After 20 months of breastfeeding my final baby, a record for me by more than 12 months, I made a decision to wean her, even though neither she or I wanted to. I needed to, though. My chronic health, in terms of mental health and energy levels, just couldn't keep up with the demand. It all came to a head about a week ago, when I knew that I finally needed to stop in order to relieve the stress that was spilling over into family life. It was seeping out of me, the lack of energy, the inability to be a good wife and mother to everyone else in the family because I was so determined to be a good mother to my youngest. It is in my nature not to see the crisis for what it is until it is quite built up.

The thing is, I had tried to wean before, but Asher has a will of iron, and she knows full well when her precious 'boob boob' is being inched away. And because she would howl so forlornly, and because it would interrupt our sleep which we had fought so hard to gain, both my husband and I would cave within hours of the pathetic attempt. And then secretly, Asher and I would cuddle and bond over our reunion.

So when I realised that this was going to have to happen, I decided to remove myself from the equation. Remove the choice.
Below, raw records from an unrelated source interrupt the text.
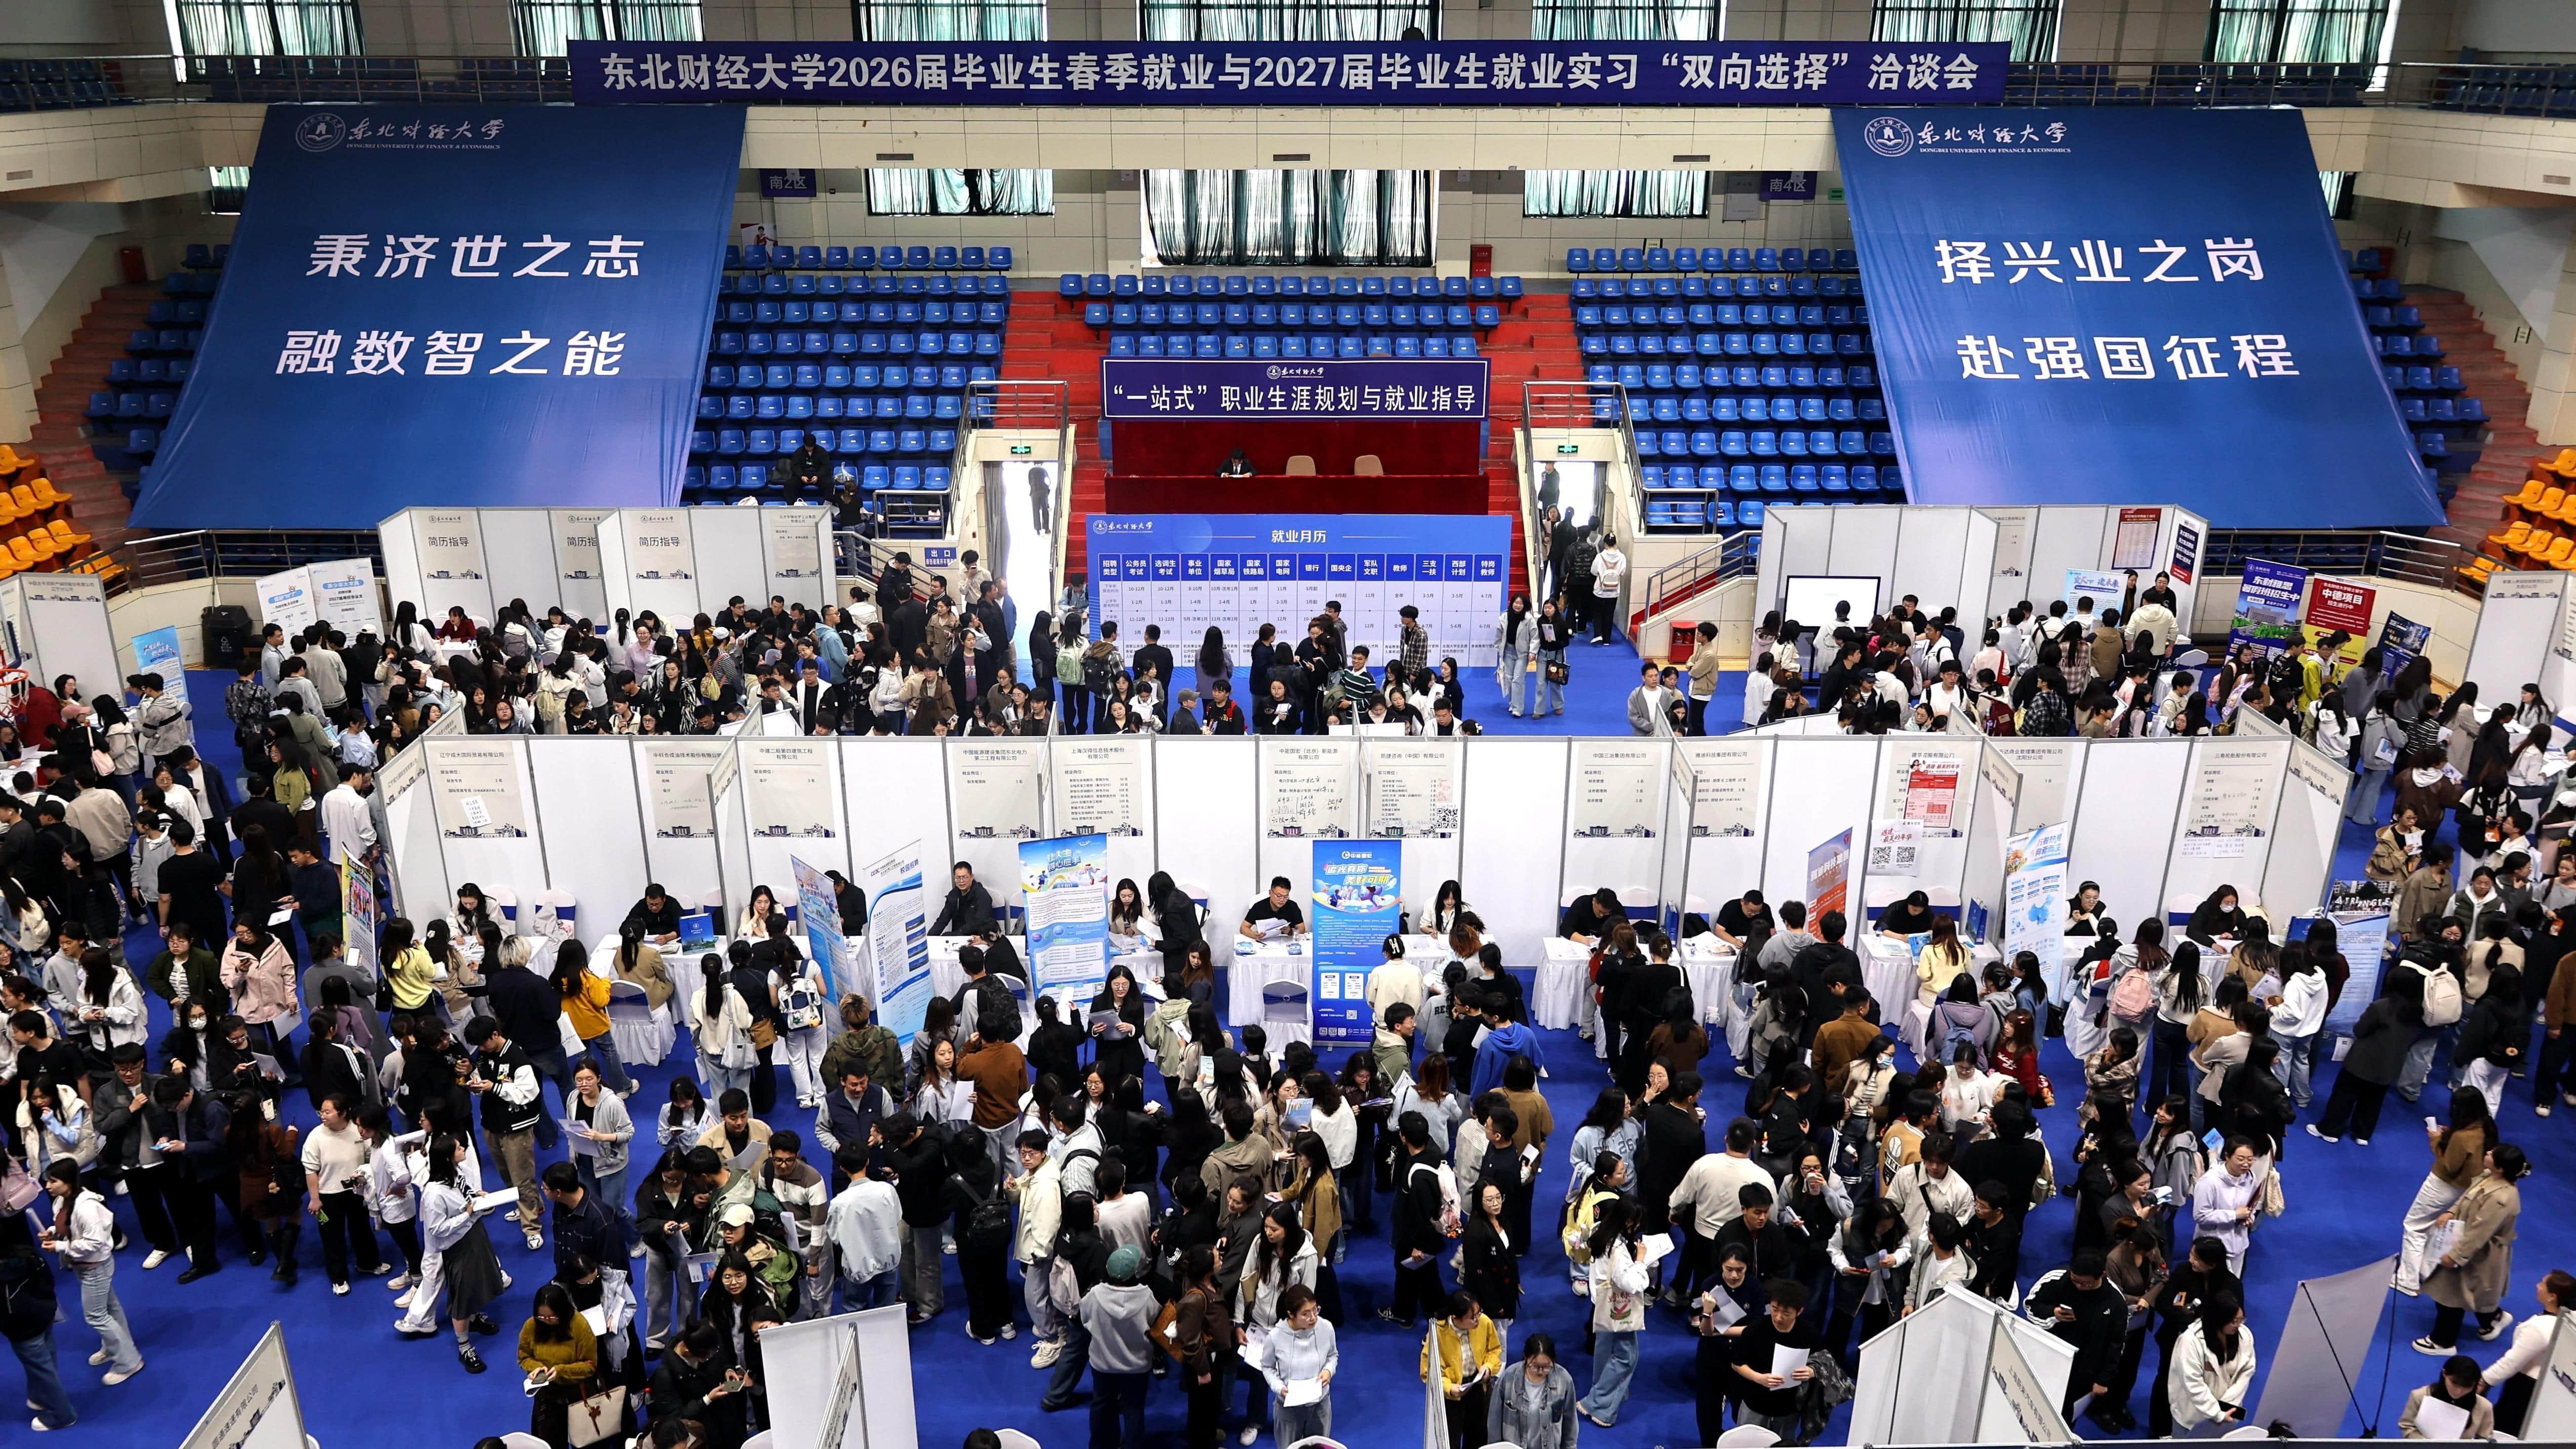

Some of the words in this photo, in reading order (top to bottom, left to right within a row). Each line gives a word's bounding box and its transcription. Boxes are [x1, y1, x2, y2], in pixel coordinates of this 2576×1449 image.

[348, 117, 504, 140] 东北财经大学
[1917, 121, 2067, 145] 东北财经大学
[1769, 178, 1807, 193] 南4区
[306, 234, 645, 278] 秉济世之志
[1934, 237, 2265, 285] 择兴业之岗
[275, 330, 627, 376] 融数智之能
[1955, 333, 2300, 380] 赴强国征程
[1271, 530, 1326, 543] 就业月历
[428, 537, 469, 547] 简历指导
[639, 536, 680, 547] 简历指导
[1103, 559, 1117, 568] 招聘
[1125, 559, 1146, 568] 公务员
[1155, 559, 1176, 568] 选调生
[1188, 559, 1202, 568] 事业
[1217, 559, 1231, 568] 国家
[1246, 559, 1261, 568] 国家
[1276, 559, 1290, 568] 国家
[1364, 559, 1378, 568] 军队
[1422, 559, 1437, 568] 三支
[1452, 559, 1466, 568] 西部
[1481, 559, 1495, 568] 特岗
[1103, 568, 1117, 576] 类型
[1129, 568, 1144, 576] 考试
[1158, 568, 1173, 576] 考试
[1188, 568, 1202, 576] 单位
[1214, 568, 1235, 576] 烟草局
[1243, 568, 1264, 576] 铁路局
[1276, 568, 1290, 576] 电网
[1305, 564, 1319, 573] 银行
[1331, 564, 1352, 573] 国央企
[1364, 568, 1378, 576] 文职
[1393, 564, 1407, 573] 教师
[1422, 568, 1436, 576] 一扶
[1452, 568, 1466, 576] 计划
[1481, 568, 1495, 576] 教师
[2322, 588, 2363, 605] 中德项目
[1046, 848, 1073, 862] 让人生
[1327, 864, 1368, 874] 追光有你
I booked myself into a hotel, and arranged for 2 nights away from the family, not just to allow the Big Wean to begin in earnest, but also to allow me a period of time to let the stress pressure cooker steam out of my head.

But on the Wednesday before I was due to leave, I started to feel the heaviest sadness. I was very tearful every time I looked at Asher, and our last few feeds together were heart wrenching. She is so calm and gentle, like a lover, while she feeds. The stroking and the gazing up at me, when she is usually all "NO!" and HARRUMPH and running away and exhausting. I decided to just process the sadness like a mild grief, and it has been really confronting to face up to those emotions, because this isn't just about the final feed, it's about that first feed, when her body had only recently arrived earthside, twanging nerves and overwhelm after a fast and furious delivery, and she found ME, my voice, and my breast, and she felt safe. I was IT for her, all she needed.

Except something was wrong. She could latch on to me, but she couldn't draw any nourishment out. It was agony for me, and it didn't ease, and I was engorged and desperate, and watching her losing weight fast. For 5 weeks, we endured the lack of common sense that can sometimes be institutionalised medical care. I had a pediatrician, 2 doctors and a midwife declare that she was fine, that we should keep 'practicing' while pumping at the same time, and that she had a 'short tongue' but that she would work it out. It was a traumatic reminder of my experience with Daniel, vomitting violently after ever feed, and being told by doctor after doctor that he was FINE, I was just overfeeding him, I was a first time mum, I was hyperventilating...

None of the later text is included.